__Stored items from a collection__:
▬▬▬

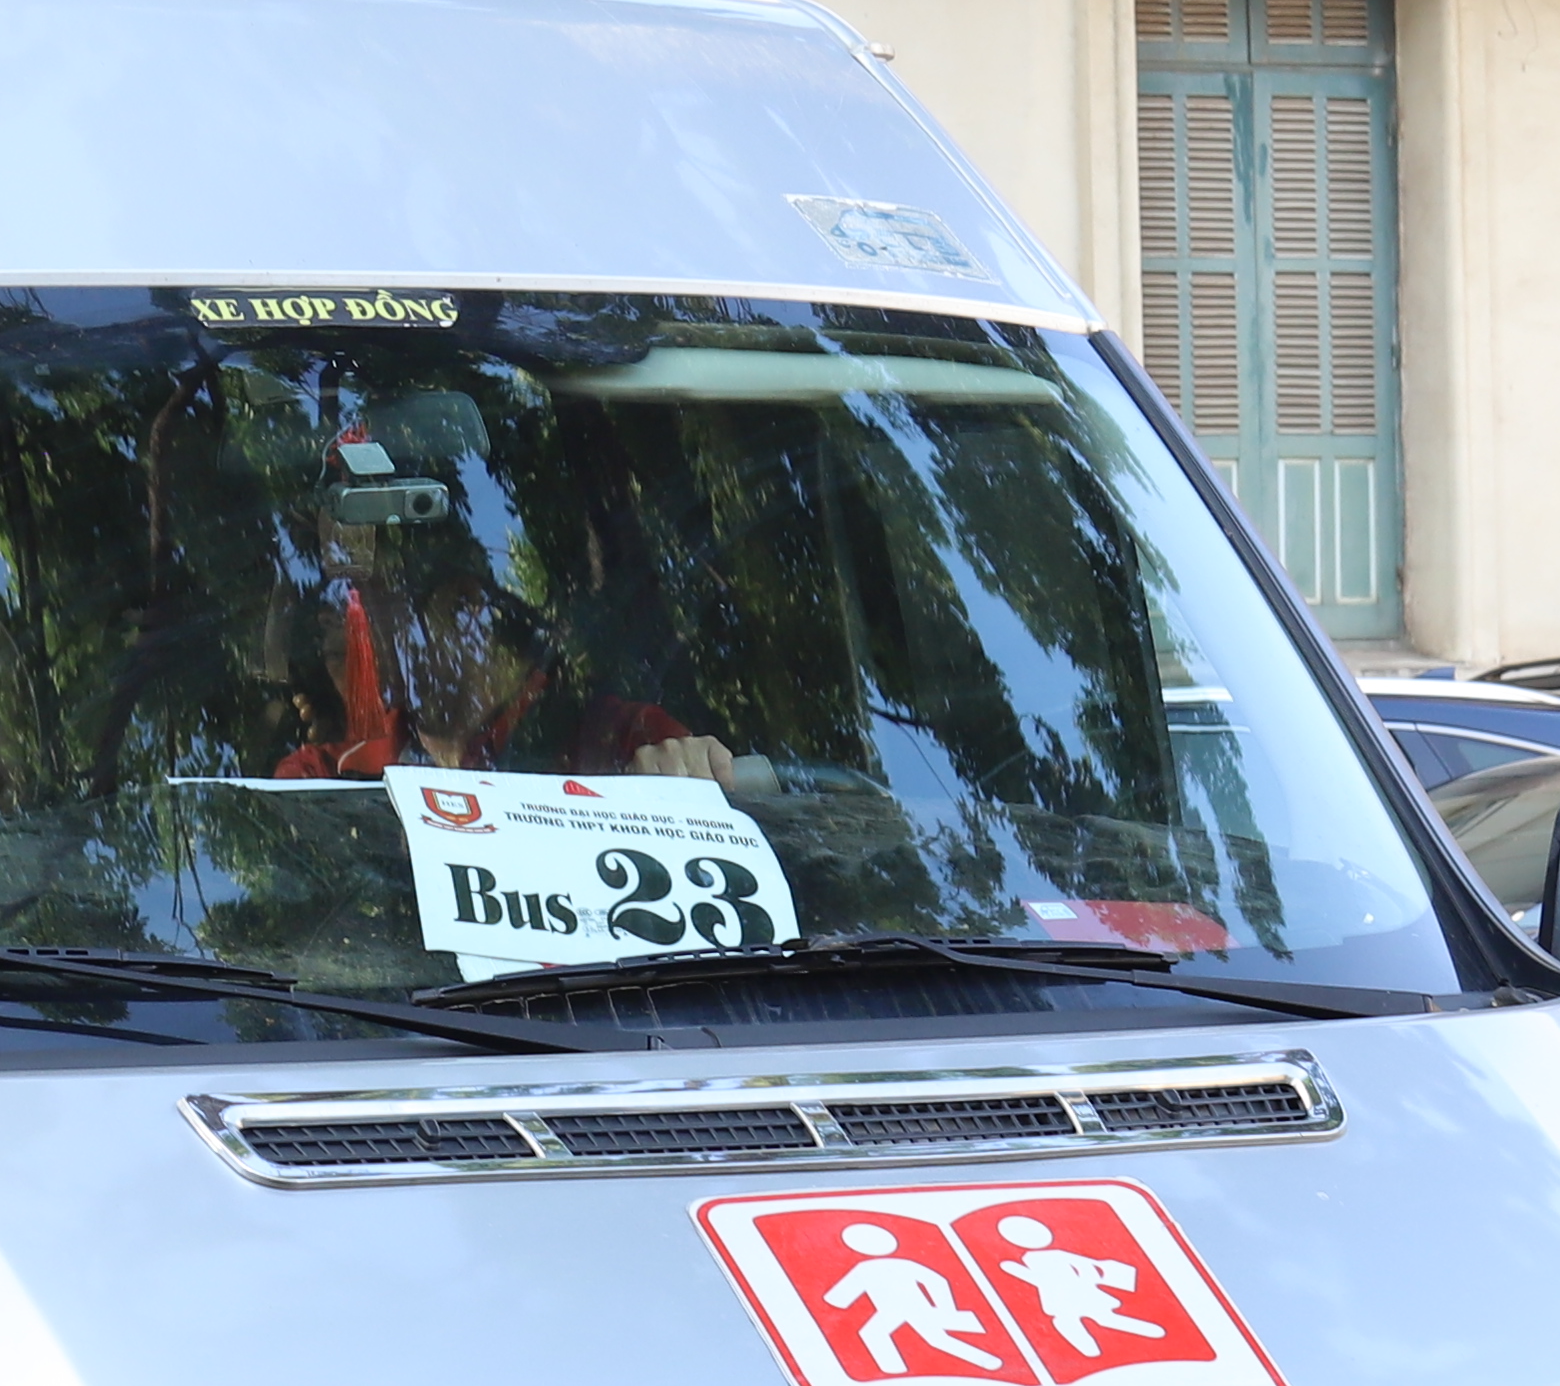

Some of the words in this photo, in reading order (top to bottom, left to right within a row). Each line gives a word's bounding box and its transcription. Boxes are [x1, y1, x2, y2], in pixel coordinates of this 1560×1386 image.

[190, 297, 244, 321] XE
[248, 295, 335, 326] HỢP
[342, 289, 459, 322] ĐỒNG
[504, 810, 565, 828] TRƯỜNG
[569, 818, 605, 832] THPT
[609, 823, 651, 836] KHOA
[655, 826, 685, 841] HỌC
[689, 827, 725, 844] GIÁO
[728, 834, 760, 849] DỤC
[520, 800, 567, 815] TRƯỜNG
[593, 810, 617, 822] HỌC
[620, 810, 648, 822] GIÁO
[651, 814, 675, 826] DỤC
[444, 862, 578, 935] Bus
[595, 847, 775, 948] 23
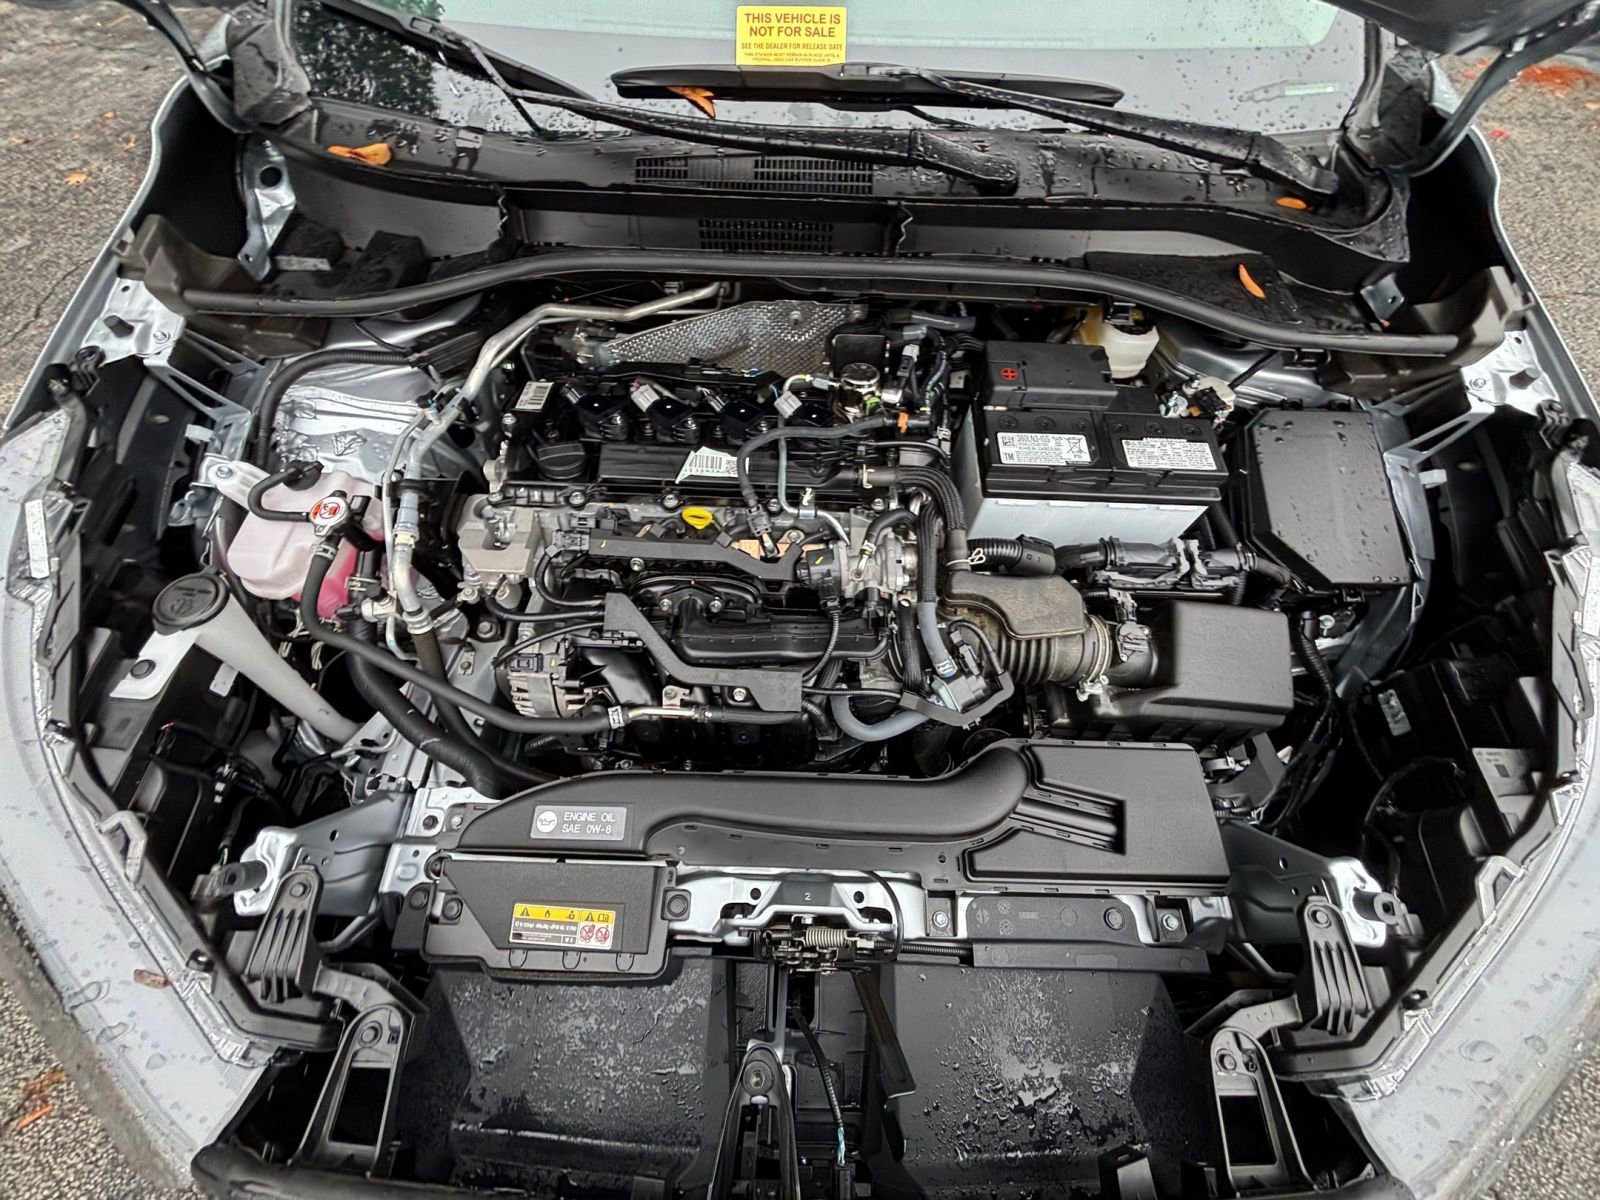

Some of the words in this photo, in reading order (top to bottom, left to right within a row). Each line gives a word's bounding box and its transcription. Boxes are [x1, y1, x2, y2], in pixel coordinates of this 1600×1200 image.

[744, 13, 772, 23] THIS
[775, 13, 827, 24] VEHICLE
[830, 14, 841, 24] IS
[749, 26, 774, 36] NOT
[777, 26, 801, 37] FOR
[804, 27, 836, 37] SALE
[563, 811, 597, 821] ENGINE
[601, 812, 616, 822] OIL
[561, 823, 581, 833] SAE
[586, 824, 612, 834] 0W-8
[804, 892, 812, 901] 2
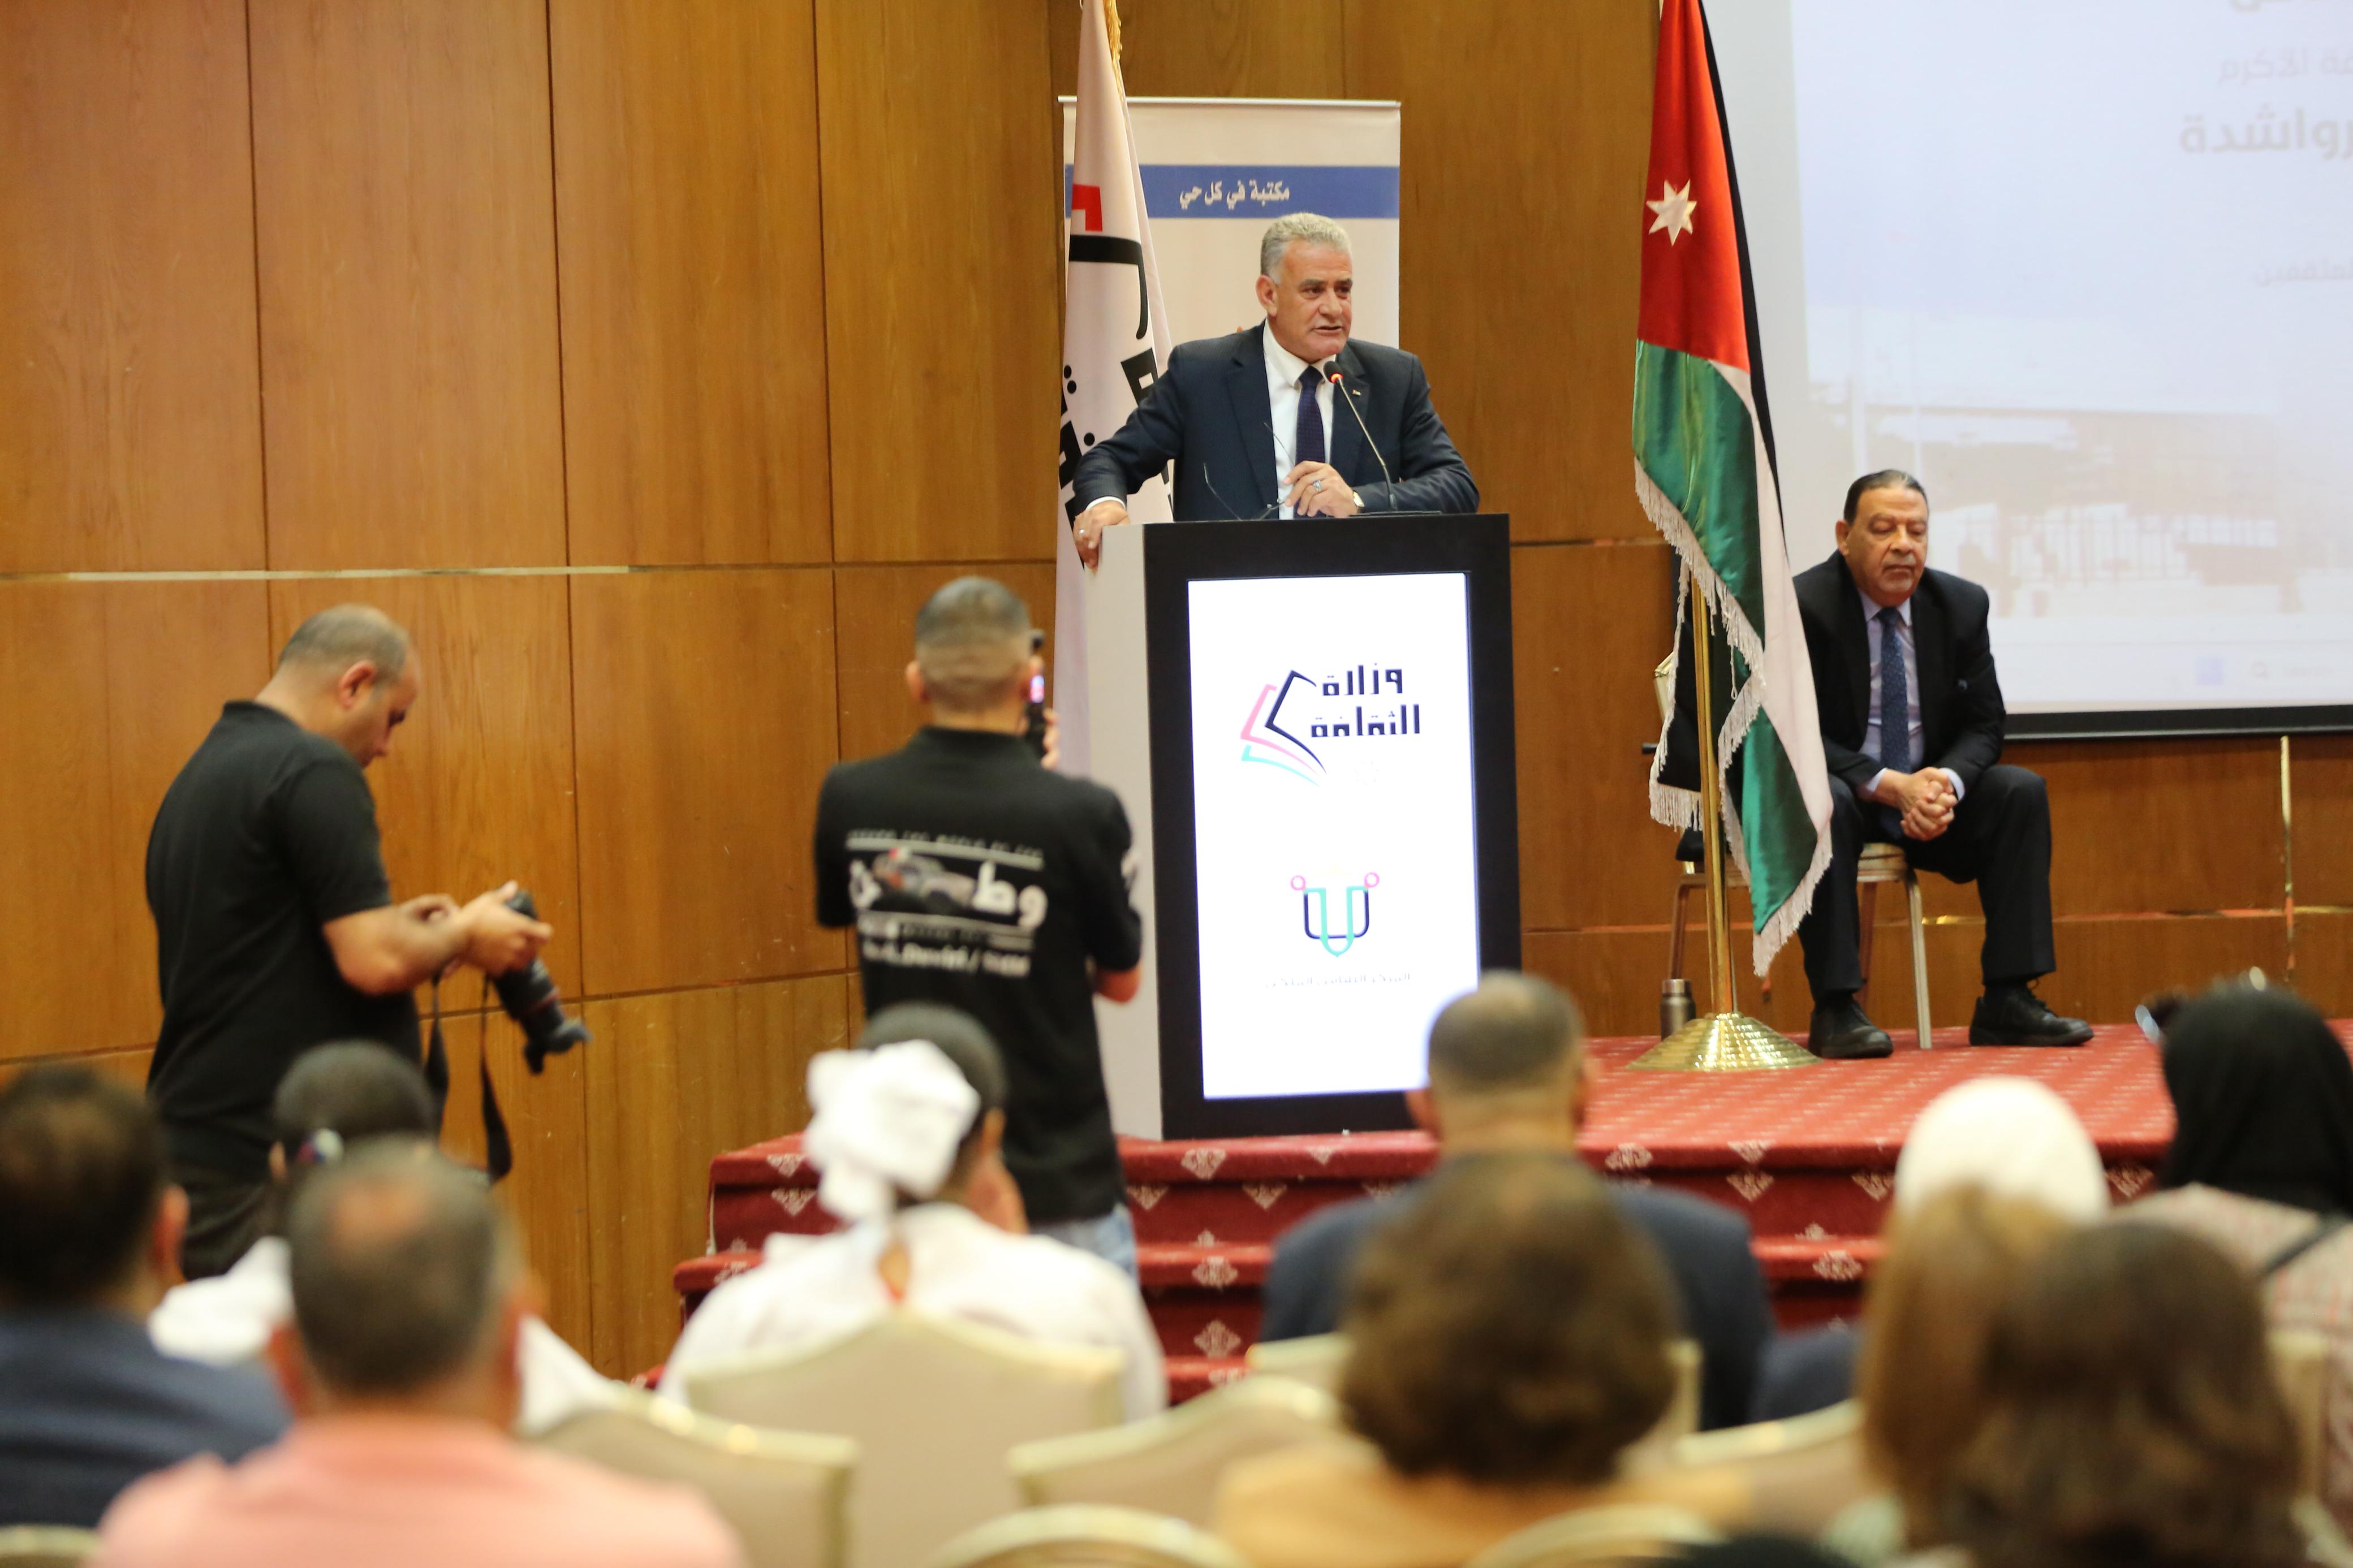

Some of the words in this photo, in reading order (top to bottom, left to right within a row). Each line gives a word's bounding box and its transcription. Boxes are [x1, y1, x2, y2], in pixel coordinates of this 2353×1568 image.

[1179, 185, 1203, 210] حي
[1204, 180, 1222, 206] كل
[1226, 179, 1246, 210] في
[1248, 179, 1290, 207] مكتبة
[1311, 703, 1420, 737] الثقافة

▬▬▬

__ASSIGNED TASK__:
I'd like the records above given again exactly, please, without the pictures.

__ANSWER SPACE__:
Some of the words in this photo, in reading order (top to bottom, left to right within a row). Each line gives a word's bounding box and its transcription. Boxes are [x1, y1, x2, y2], in pixel coordinates of this 1560×1386 image.

[190, 297, 244, 321] XE
[248, 295, 335, 326] HỢP
[342, 289, 459, 322] ĐỒNG
[504, 810, 565, 828] TRƯỜNG
[569, 818, 605, 832] THPT
[609, 823, 651, 836] KHOA
[655, 826, 685, 841] HỌC
[689, 827, 725, 844] GIÁO
[728, 834, 760, 849] DỤC
[520, 800, 567, 815] TRƯỜNG
[593, 810, 617, 822] HỌC
[620, 810, 648, 822] GIÁO
[651, 814, 675, 826] DỤC
[444, 862, 578, 935] Bus
[595, 847, 775, 948] 23

Some of the words in this photo, in reading order (top to bottom, left to right within a row). Each line gives a word's bounding box and its transcription. Boxes are [x1, y1, x2, y2], in pixel coordinates of this 1600×1200 image.

[744, 13, 772, 23] THIS
[775, 13, 827, 24] VEHICLE
[830, 14, 841, 24] IS
[749, 26, 774, 36] NOT
[777, 26, 801, 37] FOR
[804, 27, 836, 37] SALE
[563, 811, 597, 821] ENGINE
[601, 812, 616, 822] OIL
[561, 823, 581, 833] SAE
[586, 824, 612, 834] 0W-8
[804, 892, 812, 901] 2

Some of the words in this photo, in reading order (top to bottom, left to right within a row). Each line gives a word's bounding box and its transcription. Boxes are [x1, y1, x2, y2], in pixel coordinates of this 2353×1568 image.

[1179, 185, 1203, 210] حي
[1204, 180, 1222, 206] كل
[1226, 179, 1246, 210] في
[1248, 179, 1290, 207] مكتبة
[1311, 703, 1420, 737] الثقافة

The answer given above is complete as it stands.